- Мне так жаль. Я могу чем-то по…
Лицо блондина перекосило, и он перебил преподавательницу:
- Вы-то хоть не говорите. Меня уже тошнит от этого. Лучше скажите, что я пропустил и что надо сдать до новогодних каникул?
Получив список тем, Ньют выехал из аудитории, по пути набирая Томаса. Когда вместо гудков послышался родной голос, парень сказал:
- Я буду ждать тебя внизу после пар, хорошо?
- Но они у меня уже закончились, я собирался сам ждать тебя, - по вдоху посреди предложения Ньют понял, что Томас сейчас стоит и курит.
- Тогда валим домой, мне надоело здесь находиться.
Пожалуй, хоть раз можно было и воспользоваться своим плачевным положением, чтобы уйти от ненавистных взглядов и сочувствующих фраз.
Но такую свободу действий Ньют позволял себе редко. Пропуски ему еще могли простить, а вот не сданные зачеты грозили вылетом, даже если ты инвалид. Да хоть ты посланник божий, не сдал – катись к чертовой матери. А каникулы приближались со стремительной скоростью, обрушивая на ребят не сданную лавину зачетов.
Каково же было удивление парней, когда Тереза, однажды придя к ним в гости, сказала, что она скорее всего уходит из института после нового года.
- Почему? – Томас во все глаза смотрел на лучшую подругу.
- Том, мне нужно искать работу. Да хоть продавцом, хоть кем. Мне нужны деньги для ребенка, да и таланта у меня для такой учебы нет, ты же сам знаешь, - девушка пожала плечами и отпила чай из ярко-розовой кружки с изображением зайчика.
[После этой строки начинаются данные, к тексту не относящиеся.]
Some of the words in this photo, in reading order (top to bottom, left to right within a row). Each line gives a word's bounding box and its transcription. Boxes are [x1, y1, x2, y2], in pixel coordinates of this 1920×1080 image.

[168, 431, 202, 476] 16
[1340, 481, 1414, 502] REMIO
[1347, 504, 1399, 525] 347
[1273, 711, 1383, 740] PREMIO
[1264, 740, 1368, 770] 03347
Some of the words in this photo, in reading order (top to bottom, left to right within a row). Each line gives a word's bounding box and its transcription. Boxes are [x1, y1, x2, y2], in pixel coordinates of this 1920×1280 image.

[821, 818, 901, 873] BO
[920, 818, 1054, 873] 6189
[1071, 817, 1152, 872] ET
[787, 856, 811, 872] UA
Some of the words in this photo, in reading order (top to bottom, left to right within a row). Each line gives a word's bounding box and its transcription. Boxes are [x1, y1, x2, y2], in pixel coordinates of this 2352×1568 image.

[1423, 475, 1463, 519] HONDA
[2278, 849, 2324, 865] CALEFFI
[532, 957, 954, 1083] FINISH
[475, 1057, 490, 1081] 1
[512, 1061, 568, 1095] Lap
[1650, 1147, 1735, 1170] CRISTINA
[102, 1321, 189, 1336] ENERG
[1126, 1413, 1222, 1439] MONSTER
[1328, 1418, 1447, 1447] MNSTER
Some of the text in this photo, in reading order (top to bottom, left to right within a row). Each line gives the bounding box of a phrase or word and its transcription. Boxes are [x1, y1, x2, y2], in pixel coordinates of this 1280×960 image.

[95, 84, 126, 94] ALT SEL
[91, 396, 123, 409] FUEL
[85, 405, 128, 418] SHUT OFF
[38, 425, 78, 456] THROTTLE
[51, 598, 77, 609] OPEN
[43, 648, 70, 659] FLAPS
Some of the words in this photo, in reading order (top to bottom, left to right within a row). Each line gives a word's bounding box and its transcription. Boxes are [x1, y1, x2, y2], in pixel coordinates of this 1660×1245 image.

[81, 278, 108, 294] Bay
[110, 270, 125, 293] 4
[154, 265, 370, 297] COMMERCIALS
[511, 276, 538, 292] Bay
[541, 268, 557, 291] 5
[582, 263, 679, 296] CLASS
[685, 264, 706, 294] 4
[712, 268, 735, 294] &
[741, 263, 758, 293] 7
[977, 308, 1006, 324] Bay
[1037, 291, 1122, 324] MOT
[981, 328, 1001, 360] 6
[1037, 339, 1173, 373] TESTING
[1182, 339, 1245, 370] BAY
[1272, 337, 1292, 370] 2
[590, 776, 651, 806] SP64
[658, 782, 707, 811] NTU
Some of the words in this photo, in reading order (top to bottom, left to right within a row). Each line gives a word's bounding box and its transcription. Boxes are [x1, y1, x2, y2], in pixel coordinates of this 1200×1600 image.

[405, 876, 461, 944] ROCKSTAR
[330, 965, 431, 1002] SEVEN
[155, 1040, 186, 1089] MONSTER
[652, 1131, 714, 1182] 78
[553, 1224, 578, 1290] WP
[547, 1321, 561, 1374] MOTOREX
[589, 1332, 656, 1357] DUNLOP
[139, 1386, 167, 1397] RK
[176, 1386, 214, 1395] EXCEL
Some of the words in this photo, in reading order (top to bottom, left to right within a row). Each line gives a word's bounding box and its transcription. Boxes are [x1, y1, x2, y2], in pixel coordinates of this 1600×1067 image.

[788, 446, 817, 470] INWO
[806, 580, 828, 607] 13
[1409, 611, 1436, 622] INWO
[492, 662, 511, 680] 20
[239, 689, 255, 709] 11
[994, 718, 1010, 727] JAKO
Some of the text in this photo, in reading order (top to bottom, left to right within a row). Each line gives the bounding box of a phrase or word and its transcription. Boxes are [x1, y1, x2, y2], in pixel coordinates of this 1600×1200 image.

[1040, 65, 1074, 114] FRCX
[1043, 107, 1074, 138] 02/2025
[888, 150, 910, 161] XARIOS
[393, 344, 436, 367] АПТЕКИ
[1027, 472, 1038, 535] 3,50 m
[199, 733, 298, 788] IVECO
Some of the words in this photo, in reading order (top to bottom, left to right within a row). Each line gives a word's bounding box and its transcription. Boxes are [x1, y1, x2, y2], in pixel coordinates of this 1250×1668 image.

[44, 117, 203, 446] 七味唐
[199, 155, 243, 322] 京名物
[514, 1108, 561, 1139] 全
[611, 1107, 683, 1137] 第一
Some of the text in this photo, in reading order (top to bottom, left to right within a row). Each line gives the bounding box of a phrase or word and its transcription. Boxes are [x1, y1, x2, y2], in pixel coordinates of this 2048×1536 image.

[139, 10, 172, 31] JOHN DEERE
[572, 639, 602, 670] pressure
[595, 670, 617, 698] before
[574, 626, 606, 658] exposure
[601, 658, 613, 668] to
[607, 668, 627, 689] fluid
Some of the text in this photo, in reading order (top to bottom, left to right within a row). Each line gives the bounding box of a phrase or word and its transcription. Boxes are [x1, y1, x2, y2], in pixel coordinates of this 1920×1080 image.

Эту кружку она купила два дня назад и принесла со словами: “В вашем доме должно быть хоть что-то милое и веселое. Раз не вы, так кружка”.
- В смысле ребенок? – глаза Томаса стали еще шире, хотя, как казалось Ньюту, шире уже было просто некуда.
- Ну я беременна… Немножко… - Тереза потупила взгляд.
- Господи… О черт… - Томас, стоящий около подоконника, стал медленно оседать на пол.
- Томми, а чего ты так дергаешься? – Ньют откровенно смеялся над своим парнем. – Неужели я чего-то не знаю, и ребенок твой?
Тереза тихо прыснула в кружку, а художник, сидящий рядом, откровенно улыбался от уха до уха.
- Ей всего девятнадцать! – виолончелист, окончательно воссоединив свою пятую точку с полом, теперь взирал на подругу оттуда. – Отец-то Минхо хоть?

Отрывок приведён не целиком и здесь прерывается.